Betty Blue Eyes
Book by Ron Cowen and Daniel Lipman, music by George Stiles, lyrics by Anthony Drewe, based on the film A Private Function, screenplay by Alan Bennett
Review by Philip Fisher
Betty Blue Eyes is an old-fashioned, feelgood musical comedy. Despite the change of title, it is based on A Private Function, the much-loved, Alan Bennett-scripted comedy film starring Michael Palin and Dame Maggie Smith as a Yorkshire couple struggling to make ends meet just after the war.
Sir Richard Eyre determinedly evokes the spirit of 1947 from the opening British Movietone News footage to the final celebrations of a royal wedding. This though was the age of rationing, far outstripping our own poor imitations of austerity, though the happy couple 64 years ago did not look as if they were often reduced to Spam like their loyal subjects.
The stream of catchy tunes from George Stiles and the choreography of Stephen Mear, along with Tim Hatley's traditional design, are all fixed in their period, as is the Bennett story-telling style.
The plot is simple enough. Reece Shearsmith plays a meek chiropodist Gilbert Chilvers who suffers from a socially climbing wife, Sarah Lancashire as Joyce, and hellish mother-in-law, amusingly portrayed by Ann Emery.
After a series of slights from the smug town councillors, led by David Bamber as the obnoxious Dr Swaby, their hope of a surgery on the High Street is dashed as easily as the desire for an occasional meal containing fresh produce.
It doesn't help that meat is rationed and the food inspector, expertly played by Adrian Scarborough as a neo-Nazi complete with Hitler moustache, keeps arresting the butchers.
The focal point is a private function to which the Chilvers are not invited. This will be graced with pork for 150 from a single, pig illegally raised with the assistance of the snooty councillors, one of whom has the hots for sweet Betty Blue Eyes herself.

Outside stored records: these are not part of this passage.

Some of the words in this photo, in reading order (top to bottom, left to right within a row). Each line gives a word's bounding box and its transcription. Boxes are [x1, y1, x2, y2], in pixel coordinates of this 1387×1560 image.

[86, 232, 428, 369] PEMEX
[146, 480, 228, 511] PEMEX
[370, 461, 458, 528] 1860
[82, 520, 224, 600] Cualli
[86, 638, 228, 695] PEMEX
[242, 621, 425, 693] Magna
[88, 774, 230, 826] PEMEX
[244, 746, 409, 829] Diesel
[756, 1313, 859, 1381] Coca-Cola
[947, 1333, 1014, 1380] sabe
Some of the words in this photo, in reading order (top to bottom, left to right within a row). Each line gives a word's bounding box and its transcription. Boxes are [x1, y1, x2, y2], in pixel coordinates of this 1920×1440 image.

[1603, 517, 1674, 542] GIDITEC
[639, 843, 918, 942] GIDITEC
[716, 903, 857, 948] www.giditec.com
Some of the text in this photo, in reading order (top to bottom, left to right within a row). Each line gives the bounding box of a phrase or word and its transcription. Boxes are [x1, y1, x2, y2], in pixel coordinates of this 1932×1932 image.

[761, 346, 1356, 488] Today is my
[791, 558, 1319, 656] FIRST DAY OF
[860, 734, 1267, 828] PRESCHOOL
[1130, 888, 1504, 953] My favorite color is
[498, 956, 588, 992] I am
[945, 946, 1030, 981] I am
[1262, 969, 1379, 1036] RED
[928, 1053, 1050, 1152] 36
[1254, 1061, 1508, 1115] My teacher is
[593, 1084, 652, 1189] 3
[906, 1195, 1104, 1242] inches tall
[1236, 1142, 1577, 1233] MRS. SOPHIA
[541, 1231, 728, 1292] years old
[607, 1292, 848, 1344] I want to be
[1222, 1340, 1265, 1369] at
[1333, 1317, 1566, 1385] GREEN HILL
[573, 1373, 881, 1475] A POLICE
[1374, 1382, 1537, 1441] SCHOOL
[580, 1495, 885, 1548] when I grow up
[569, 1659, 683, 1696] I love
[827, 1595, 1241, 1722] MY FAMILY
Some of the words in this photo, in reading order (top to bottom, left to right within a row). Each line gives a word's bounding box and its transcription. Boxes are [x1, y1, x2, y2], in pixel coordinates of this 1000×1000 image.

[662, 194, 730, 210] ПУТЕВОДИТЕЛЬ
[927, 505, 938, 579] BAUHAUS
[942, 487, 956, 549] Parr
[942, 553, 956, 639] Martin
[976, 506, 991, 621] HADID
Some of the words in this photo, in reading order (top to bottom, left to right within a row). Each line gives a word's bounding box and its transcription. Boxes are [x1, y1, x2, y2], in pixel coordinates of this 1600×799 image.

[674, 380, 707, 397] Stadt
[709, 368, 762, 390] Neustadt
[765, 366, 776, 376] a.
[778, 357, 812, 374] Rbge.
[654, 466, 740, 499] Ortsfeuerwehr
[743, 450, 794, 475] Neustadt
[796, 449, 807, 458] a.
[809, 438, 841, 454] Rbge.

This is not Coronation Street favourite Miss Lancashire, nor some gorgeous chorus girl but the afore-mentioned porker. To be fair, she is a wonder of animatronics (from the head up) with a really winning way and the kind of come hither eyes usually reserved for pantomime cows.
Somehow a pignap (sic) leads to comedy and a mutually happy ending hailed by an almost Wizard of Oz song, The Pig is Alive (rather than The Witch is Dead).
This 2½ hour show is great fun, underpinned by the witty words and characteristic humour of Alan Bennett. The music is upbeat and features a stream of hummable songs starting with the charming Magic Fingers and also including Pig No Pig and the titles songs from play and film. Similarly, the dance numbers are effective and Lionheart at the Primrose Ballroom fantastic. The lyrics are not always of the same quality, too often going for the tackiest of rhymes.
The two big names, Reece Shearsmith and Sarah Lancashire, acquit themselves well as singers and form a strong comic double act, ensuring numerous laughs, if not necessarily any great depth to the evening.
Betty Blue Eyes may not set the world alight but it should prove popular, both for the casting and production qualities, as well as its ability to turn austerity into a source of rich comedy.